Take this yellow sign, it actually does it’s job. It solved an issue of people turning too early due to the vagaries of post code centering in satellite navigation systems. However, with a less cursory look you see that the “Nat” should be a “Nav”. What does that mistake make you think of the training centre in question? Has it, even ever so slightly, made you think “Well if they can’t get that right…”?
A similar perspective was popularised by Tom Peters and Robert H. Waterman Jr., dubbed the Coffee Stain Theory:
You bought an airline ticket from their great website. You go to the airport, sail through security and encounter courteous staff at the gate. The plane boards efficiently and takes off smoothly and on time. Your impression of this airline is fantastic. Then you lower your tray table. Right in the middle is a nasty, dirty coffee ring stain. You’ve got to get someone to clean it up, but it calls into question the cleanliness of the rest of the plane, and even how well the engines are inspected and maintained! Your impression of the airline so carefully cultivated to this point is dashed.

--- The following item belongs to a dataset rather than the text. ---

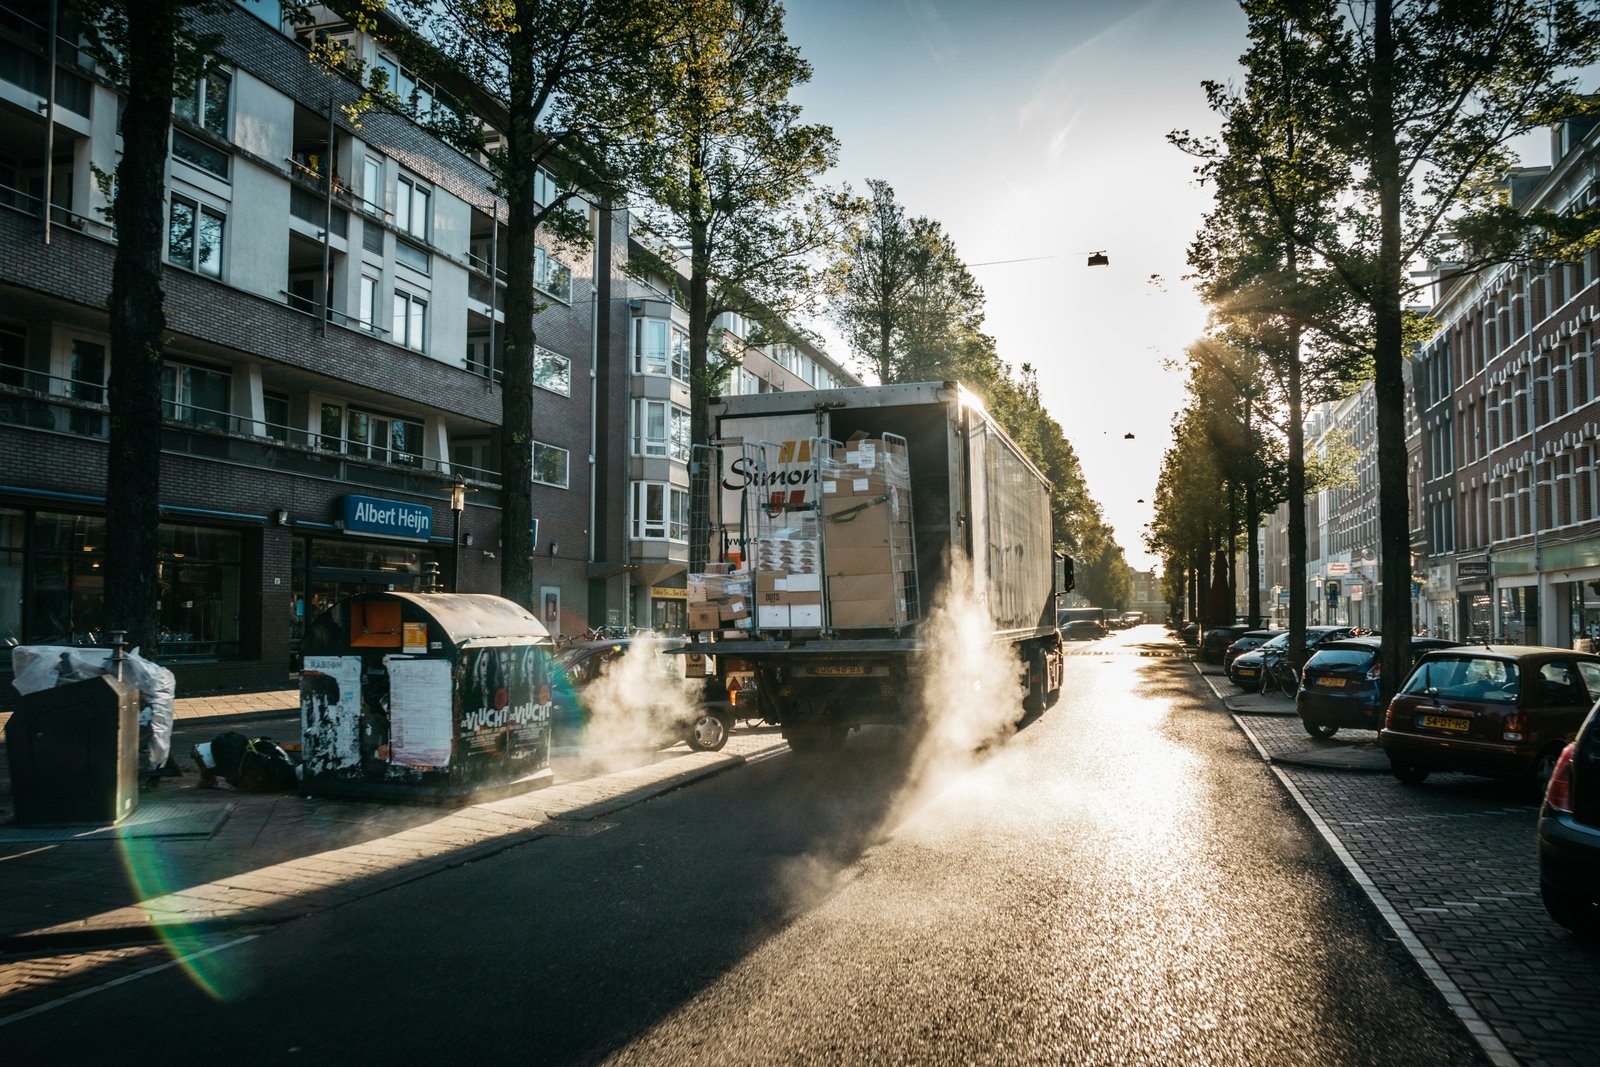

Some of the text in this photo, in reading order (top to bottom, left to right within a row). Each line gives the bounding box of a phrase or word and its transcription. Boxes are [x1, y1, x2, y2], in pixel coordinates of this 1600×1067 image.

Paraphrased from In Search of Excellence: Lessons from America’s Best-Run Companies
Opinions of organisations are drawn from the simplest of things; a spelling mistake, a dirty mark or a process that doesn’t secure a customers data appropriately. All these things can be avoided, prevented and fixed – the question is, will you find it or will your customer? Don’t let your customers, competitors or regulators find your data protection shortfalls, find them yourself with Gydeline.
By the way – the sign is correct now and it wasn’t the Training Centre that put it up!